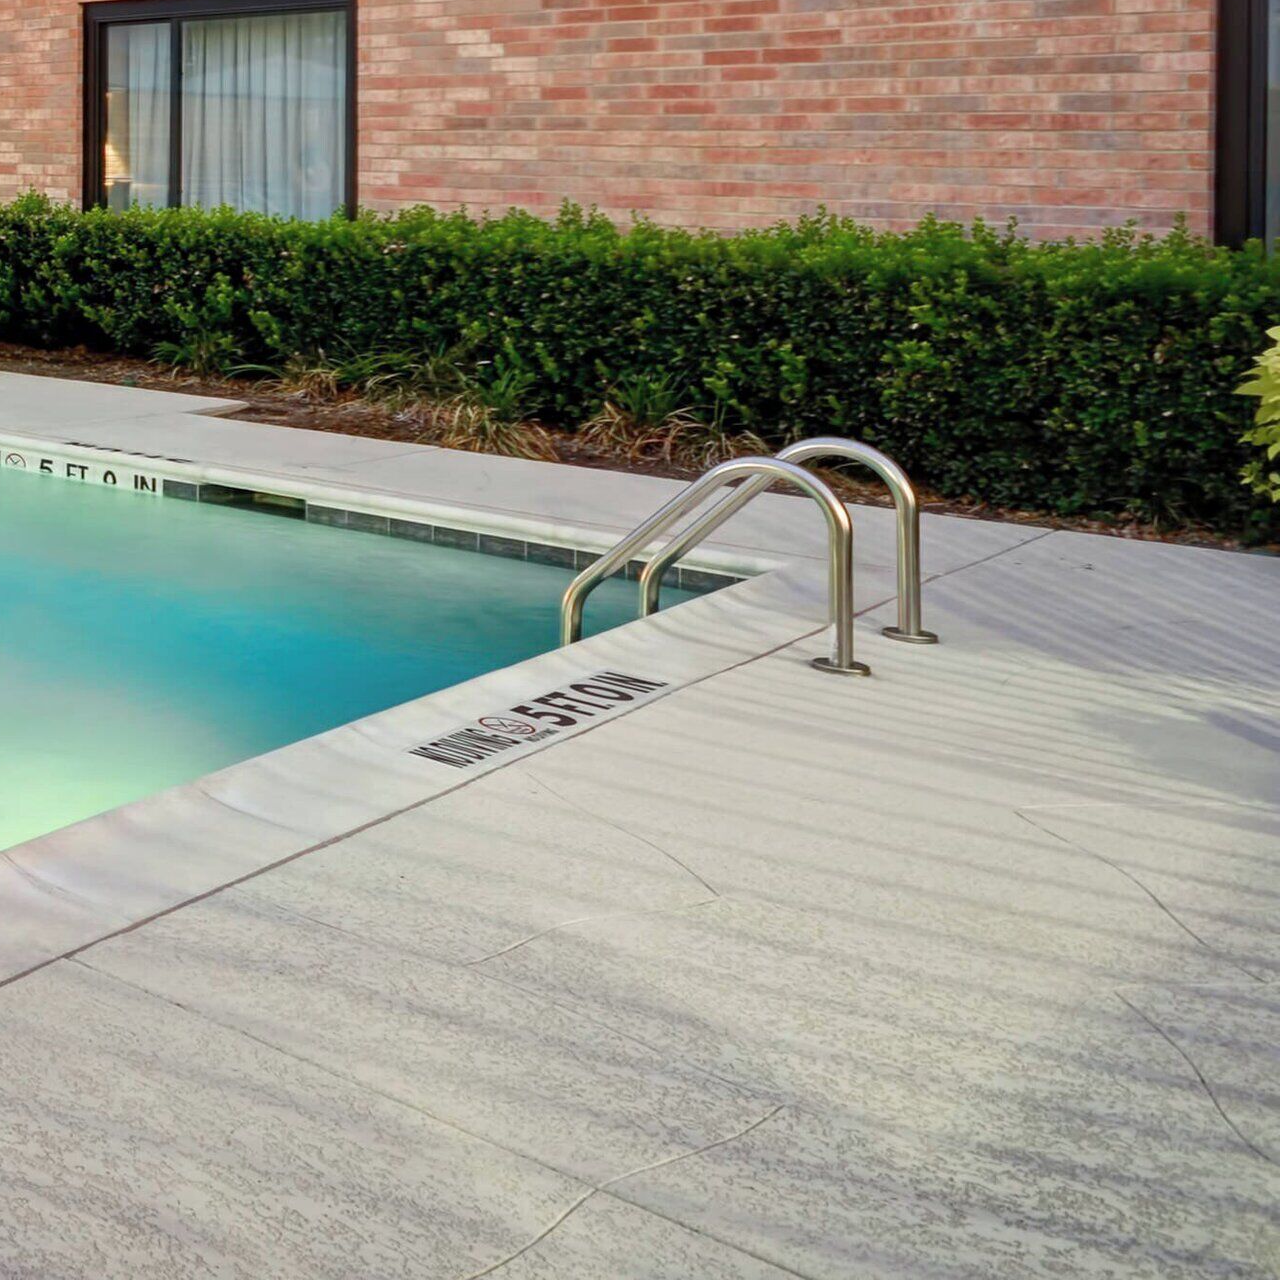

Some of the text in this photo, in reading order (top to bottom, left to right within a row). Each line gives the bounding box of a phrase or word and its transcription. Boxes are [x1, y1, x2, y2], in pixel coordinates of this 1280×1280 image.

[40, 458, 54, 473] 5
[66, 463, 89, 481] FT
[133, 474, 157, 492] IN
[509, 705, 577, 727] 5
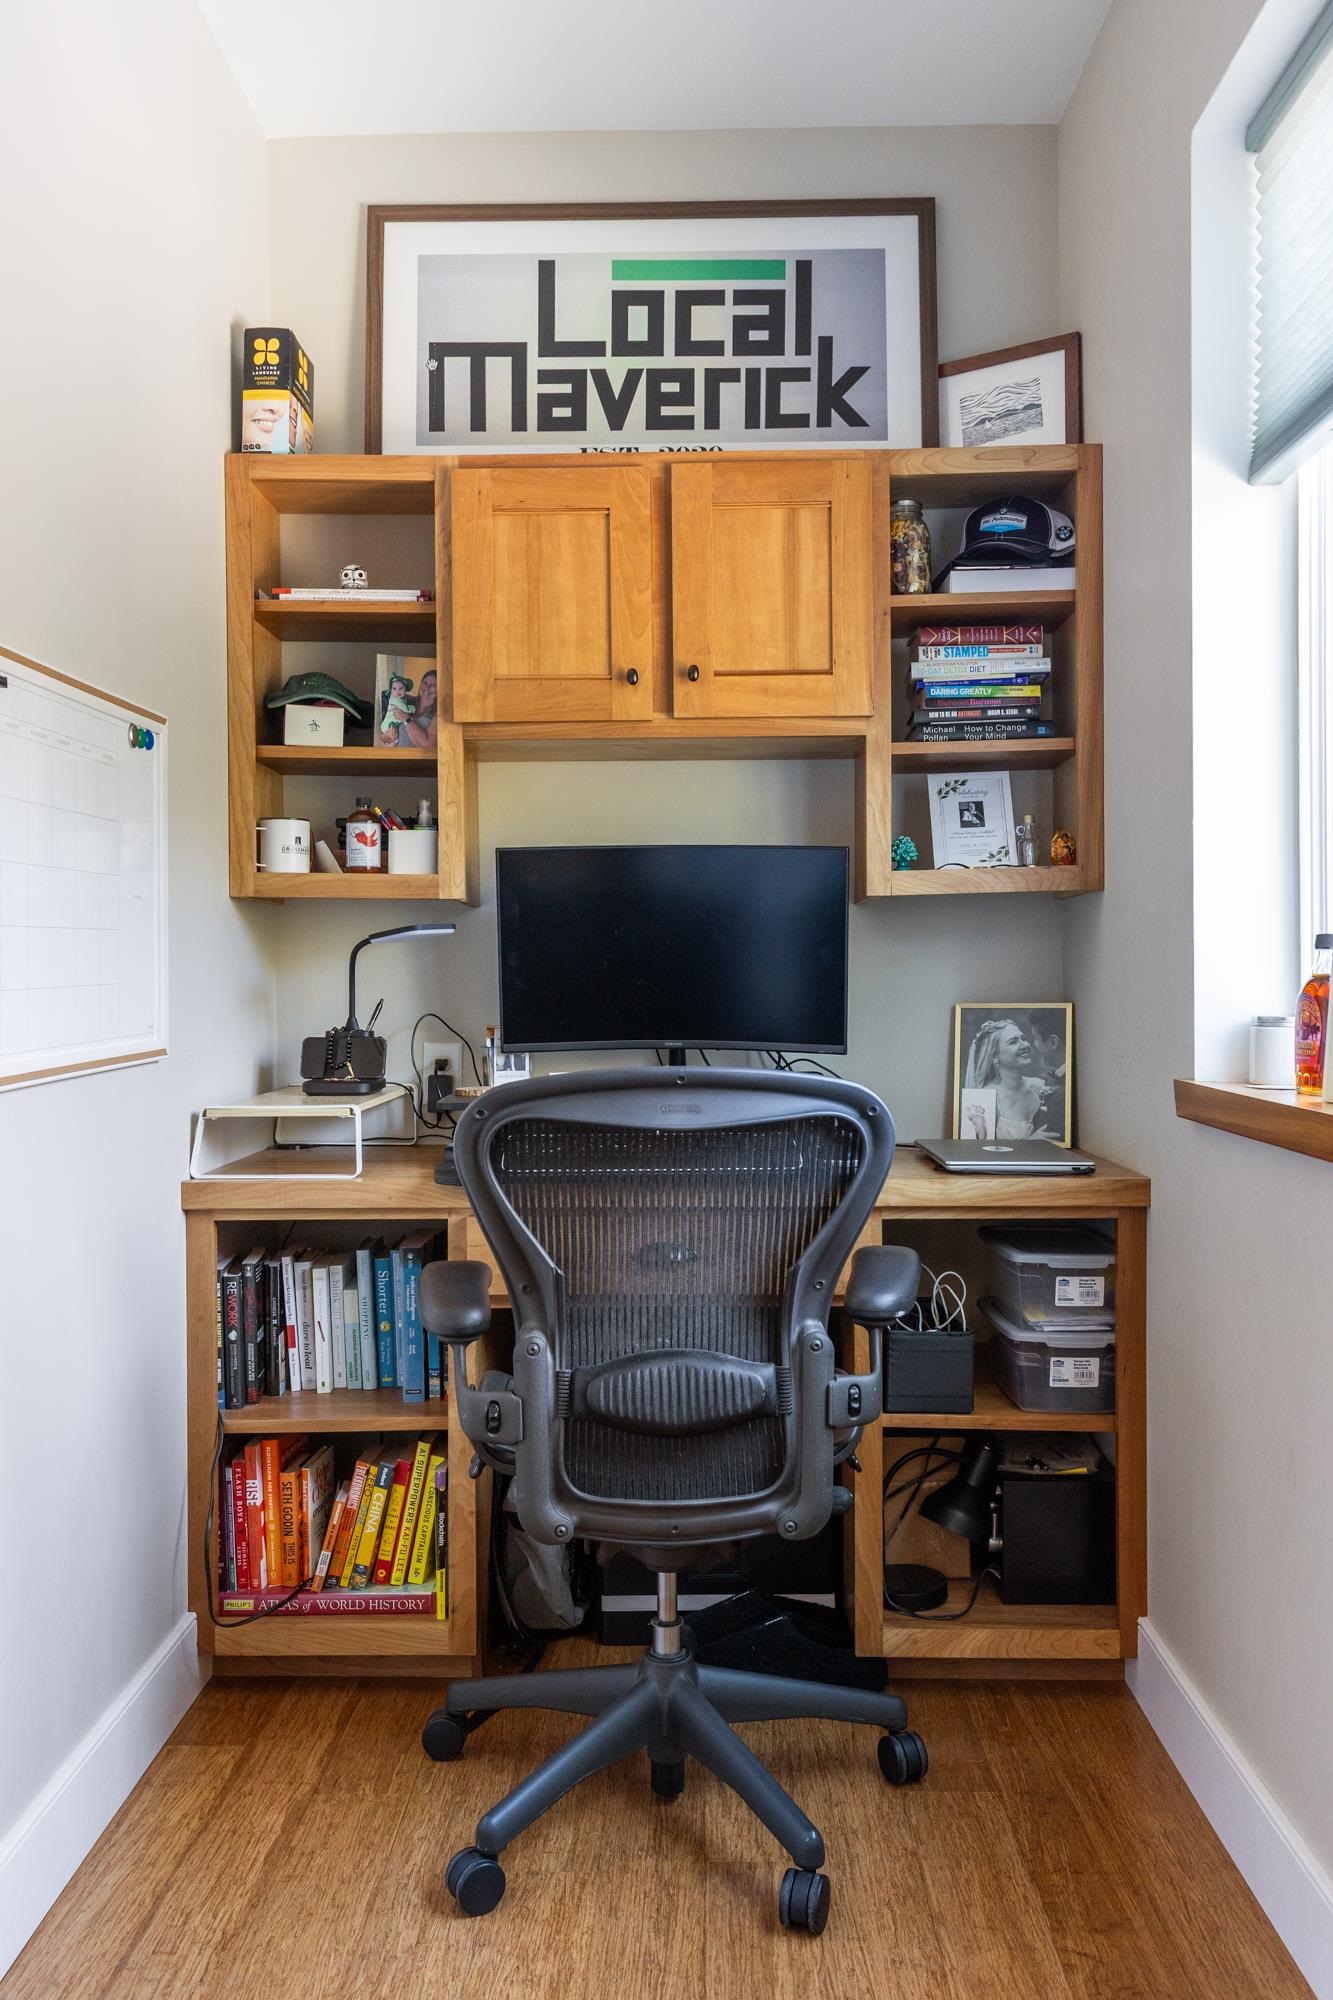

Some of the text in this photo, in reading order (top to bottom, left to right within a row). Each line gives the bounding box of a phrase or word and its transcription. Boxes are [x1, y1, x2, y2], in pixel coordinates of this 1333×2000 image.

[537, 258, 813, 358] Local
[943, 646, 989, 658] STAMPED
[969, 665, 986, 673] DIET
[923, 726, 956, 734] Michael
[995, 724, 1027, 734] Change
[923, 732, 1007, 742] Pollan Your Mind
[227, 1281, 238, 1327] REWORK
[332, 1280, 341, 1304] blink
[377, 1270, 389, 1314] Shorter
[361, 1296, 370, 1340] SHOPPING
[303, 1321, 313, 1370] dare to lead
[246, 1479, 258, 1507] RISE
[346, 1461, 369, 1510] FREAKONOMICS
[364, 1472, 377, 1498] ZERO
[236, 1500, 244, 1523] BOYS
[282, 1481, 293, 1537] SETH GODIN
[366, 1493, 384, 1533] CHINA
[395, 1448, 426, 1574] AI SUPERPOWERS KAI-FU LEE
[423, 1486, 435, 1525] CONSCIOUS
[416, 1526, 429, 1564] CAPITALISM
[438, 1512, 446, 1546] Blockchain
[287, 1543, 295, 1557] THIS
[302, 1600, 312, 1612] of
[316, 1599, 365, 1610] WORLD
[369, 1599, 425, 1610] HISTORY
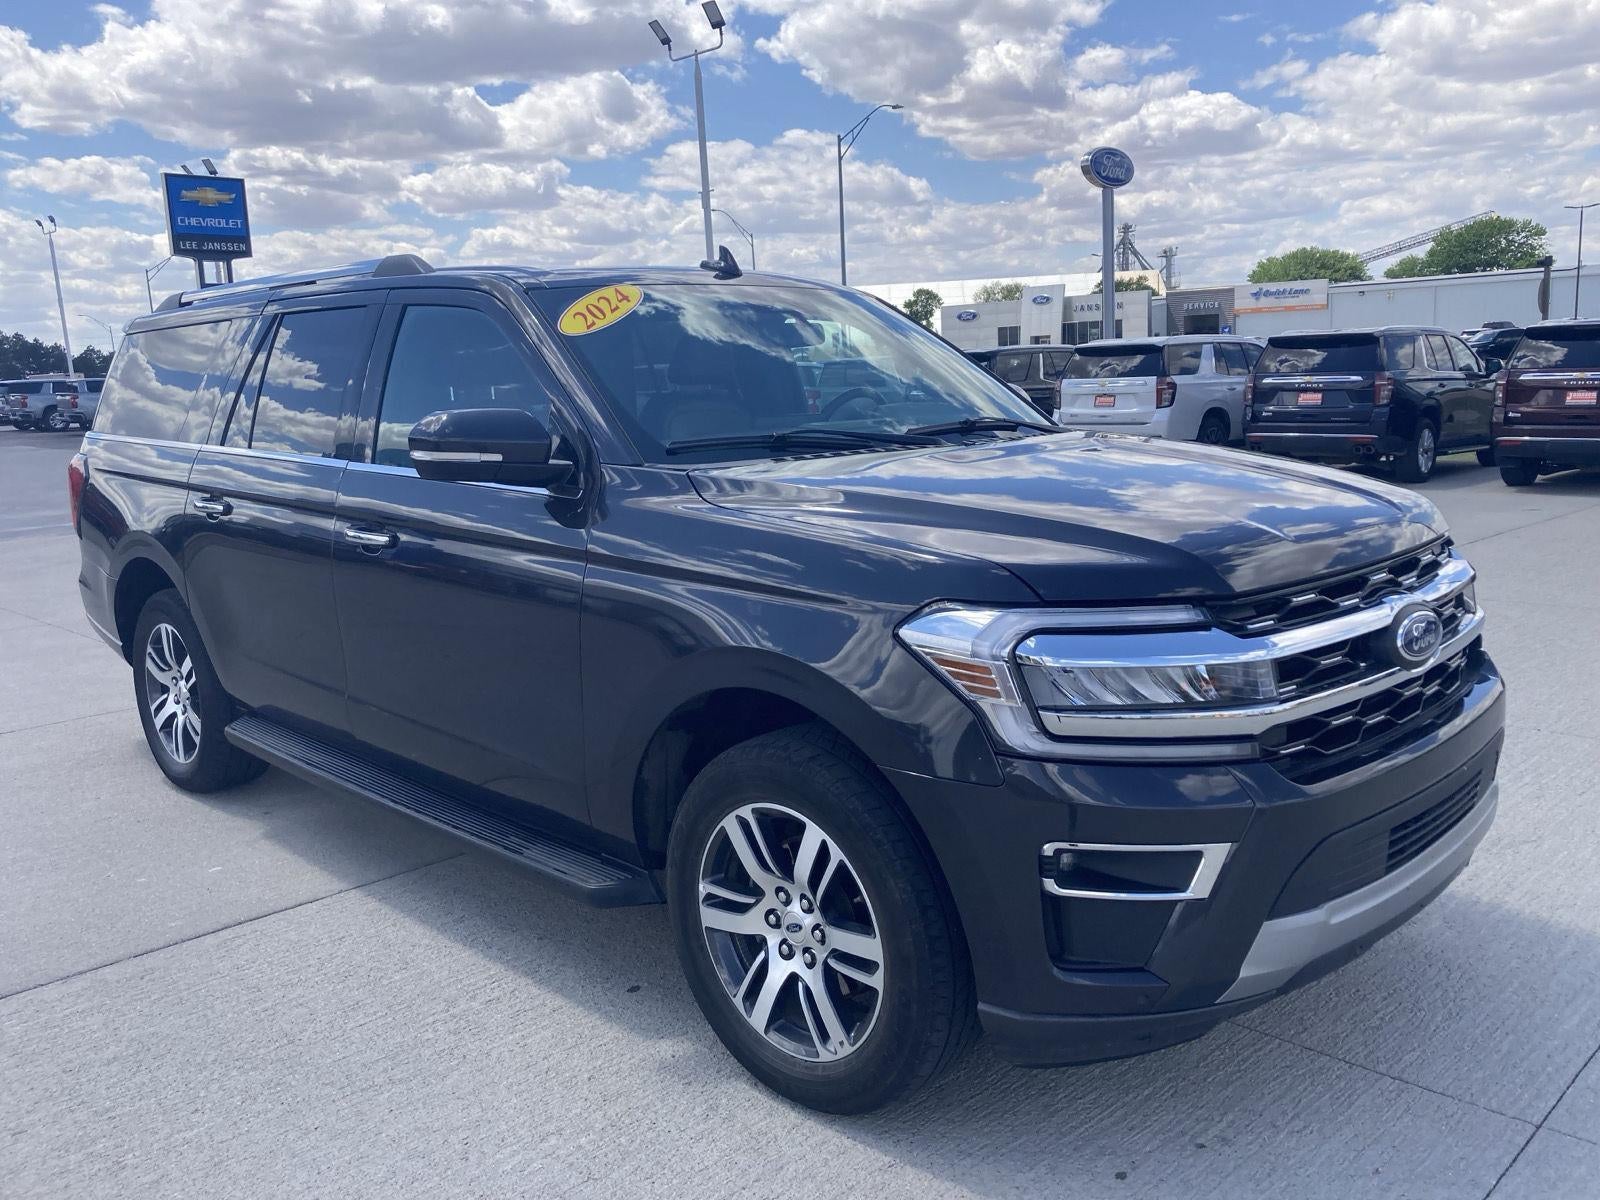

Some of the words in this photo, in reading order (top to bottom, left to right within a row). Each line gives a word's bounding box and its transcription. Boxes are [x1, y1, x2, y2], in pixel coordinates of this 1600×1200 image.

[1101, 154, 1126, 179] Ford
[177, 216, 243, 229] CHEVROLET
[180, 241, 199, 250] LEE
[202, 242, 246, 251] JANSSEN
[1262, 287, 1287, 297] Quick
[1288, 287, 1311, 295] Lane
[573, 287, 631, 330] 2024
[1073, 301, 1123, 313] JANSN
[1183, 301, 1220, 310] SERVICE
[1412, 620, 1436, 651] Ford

§ §

## What is required
Every record above should reappear exactly, with the pictures gone.

## Completed task
Some of the text in this photo, in reading order (top to bottom, left to right within a row). Each line gives the bounding box of a phrase or word and its transcription. Boxes are [x1, y1, x2, y2], in pixel coordinates of this 1280×1280 image.

[40, 458, 54, 473] 5
[66, 463, 89, 481] FT
[133, 474, 157, 492] IN
[509, 705, 577, 727] 5

Some of the text in this photo, in reading order (top to bottom, left to right within a row). Each line gives the bounding box of a phrase or word and its transcription. Boxes are [x1, y1, x2, y2], in pixel coordinates of this 1333×2000 image.

[537, 258, 813, 358] Local
[943, 646, 989, 658] STAMPED
[969, 665, 986, 673] DIET
[923, 726, 956, 734] Michael
[995, 724, 1027, 734] Change
[923, 732, 1007, 742] Pollan Your Mind
[227, 1281, 238, 1327] REWORK
[332, 1280, 341, 1304] blink
[377, 1270, 389, 1314] Shorter
[361, 1296, 370, 1340] SHOPPING
[303, 1321, 313, 1370] dare to lead
[246, 1479, 258, 1507] RISE
[346, 1461, 369, 1510] FREAKONOMICS
[364, 1472, 377, 1498] ZERO
[236, 1500, 244, 1523] BOYS
[282, 1481, 293, 1537] SETH GODIN
[366, 1493, 384, 1533] CHINA
[395, 1448, 426, 1574] AI SUPERPOWERS KAI-FU LEE
[423, 1486, 435, 1525] CONSCIOUS
[416, 1526, 429, 1564] CAPITALISM
[438, 1512, 446, 1546] Blockchain
[287, 1543, 295, 1557] THIS
[302, 1600, 312, 1612] of
[316, 1599, 365, 1610] WORLD
[369, 1599, 425, 1610] HISTORY

Some of the words in this photo, in reading order (top to bottom, left to right within a row). Each line gives a word's bounding box and its transcription. Boxes are [x1, y1, x2, y2], in pixel coordinates of this 1600×1200 image.

[1101, 154, 1126, 179] Ford
[177, 216, 243, 229] CHEVROLET
[180, 241, 199, 250] LEE
[202, 242, 246, 251] JANSSEN
[1262, 287, 1287, 297] Quick
[1288, 287, 1311, 295] Lane
[573, 287, 631, 330] 2024
[1073, 301, 1123, 313] JANSN
[1183, 301, 1220, 310] SERVICE
[1412, 620, 1436, 651] Ford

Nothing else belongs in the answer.